However, it does not bring me the external links as an image among others. Notice that instead of it bring me google.com / ... it bears the name of my vHOST viperfollowdev.com , see the image below to understand.

Is there any way to fix this?

My second example was: 

<?php

$request = curl_init();

curl_setopt_array($request, array(
    CURLOPT_URL                         => 'https://www.instagram.com',
    CURLOPT_RETURNTRANSFER  => true,
    CURLOPT_FOLLOWLOCATION  => true,
    CURLOPT_SSL_VERIFYPEER  => false,
));

$response = curl_exec($request);
curl_close($request);

$response = str_replace('/static/bundles/', 'https://www.instagram.com/static/bundles/', $response);
$response = str_replace('/static/images/', 'https://www.instagram.com/static/images/', $response);
$response = str_replace('/data/manifest.json', 'https://www.instagram.com/data/manifest.json', $response);

echo $response;

It's catching but it does not show yet on my page. I spent the whole url but it does not work.

    
asked by anonymous 22.01.2018 / 09:25

2 answers

2

About the error

This is because Google does not use the full link of the files in the src , srcset , and so on attributes. Instead, it uses only path of the file: Ex: /path/to/image.png

With this the browser will always look for these images in the site accessed, in your case, http://viperfollowdev.com .

Solutions

To correct this, simply add the code below when printing the variable $response . 
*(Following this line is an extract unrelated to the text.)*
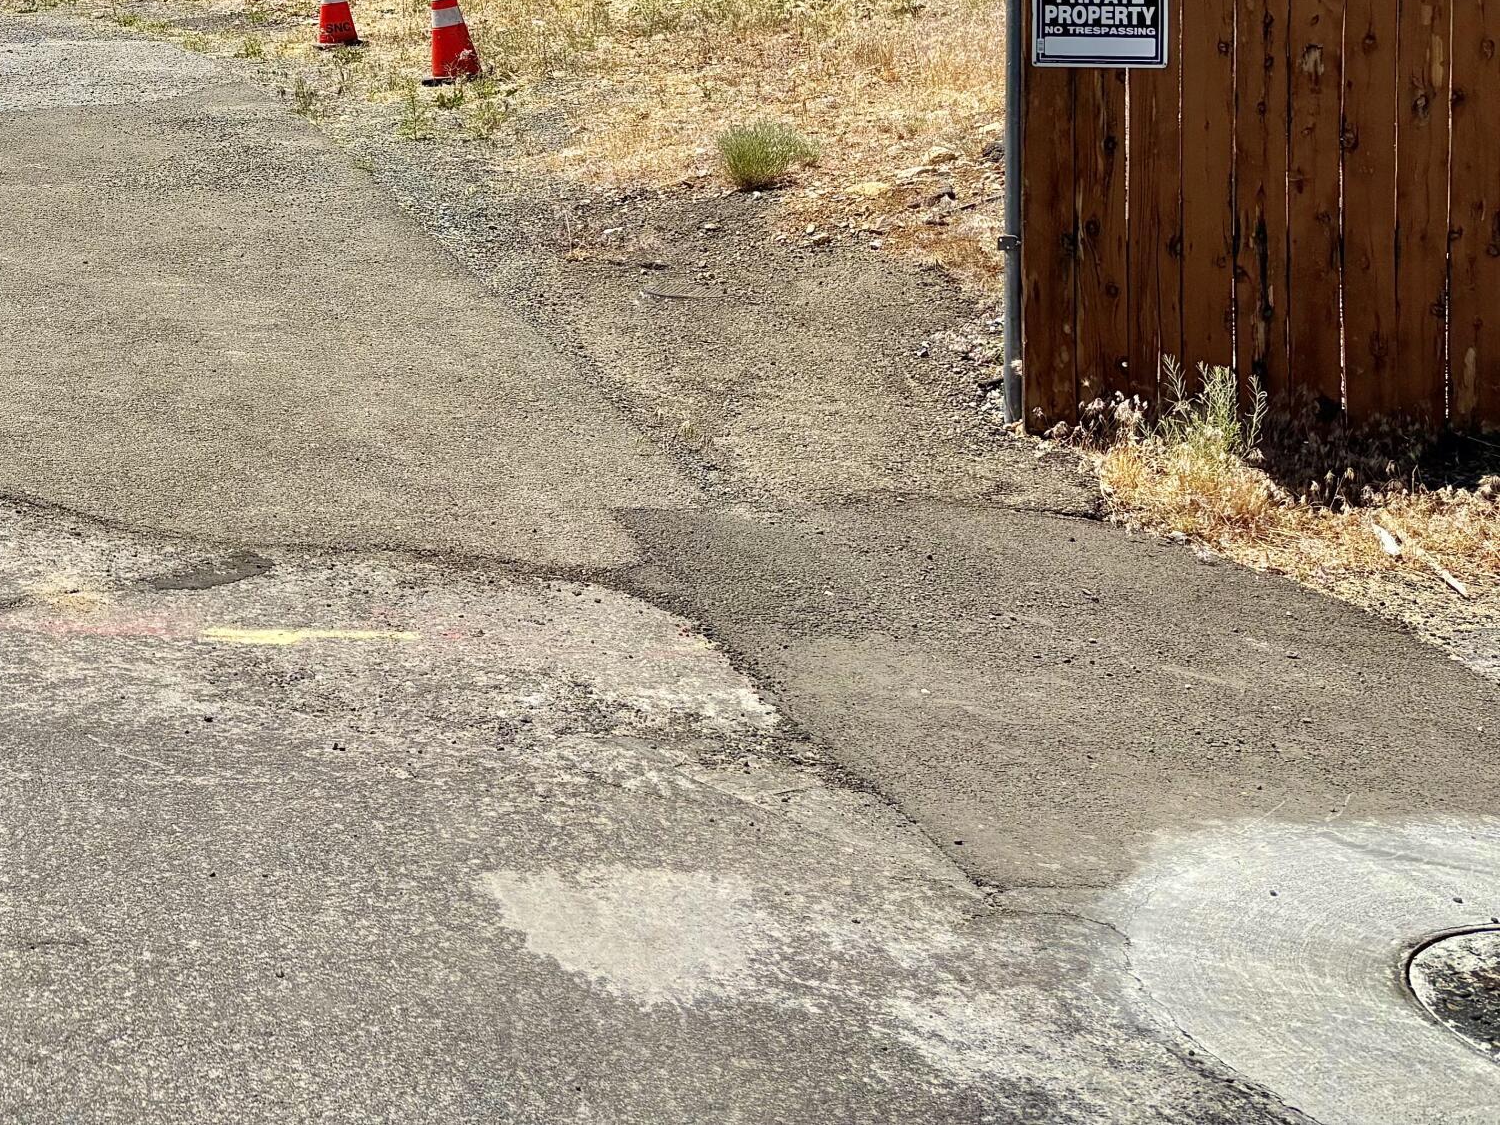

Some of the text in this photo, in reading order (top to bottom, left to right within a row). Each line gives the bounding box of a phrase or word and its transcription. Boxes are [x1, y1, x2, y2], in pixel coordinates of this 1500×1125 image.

[1044, 5, 1156, 25] PROPERTY
[1044, 25, 1156, 36] NO TRESPASSING
echo '<base href="https://www.google.com.br/" />';

But this solution will not work in all cases. When you have already set the base url (as in the code above) in your html , the browser will ignore the new "base url".

In this case, you only have to use regex to solve your case (or at least part of it) .

Regex 

(src=|href=|srcset=|url)('|"|\()(\/.*?)('|"|\))

The% of% above will capture all values of the attributes regex , src , srcset and href . The latter for url .

Now just use the preg_replace function to replace the values .

Example: 

<!DOCTYPE hml>
<html>
    <head>
        <title>Title of the document</title>
        <base href="https://www.bing.com.br/" />
    </head>

    <body>

        <?php

            $url = "https://www.google.com.br";

            $request = curl_init($url);

            curl_setopt_array($request, [
                CURLOPT_RETURNTRANSFER  => true,
                CURLOPT_AUTOREFERER  => true,
                CURLOPT_SSL_VERIFYPEER  => false,
            ]);
            $response = curl_exec($request);
            curl_close($request);

            echo preg_replace("/(src=|href=|srcset=|url)('|\"|\()(\/.*?)('|\"|\))/", "$1$2{$url}$3$4", $response);

        ?>

        <script src="/ajax/libs/jquery/3.2.1/jquery.min.js"></script>
    </body>
</html>
  

css may vary from site to site. Depending on what you want to change, it is necessary to customize regex and make it more complete, but the principle is the same.

    
22.01.2018 / 10:58
1

In the first case what happens is that you got the html code from the request and the features are declared for virtual paths that do not exist in your application. Something you may have already noticed by doing the replace on your second try. But there are other validations and procedures that run on the host and prevent you from submitting their content. (Sessions, Tokens, Headers, etc.)

I advise that if you want to consume or display the content of other sites and services, it should be restricted to your APIs, rules and terms of use.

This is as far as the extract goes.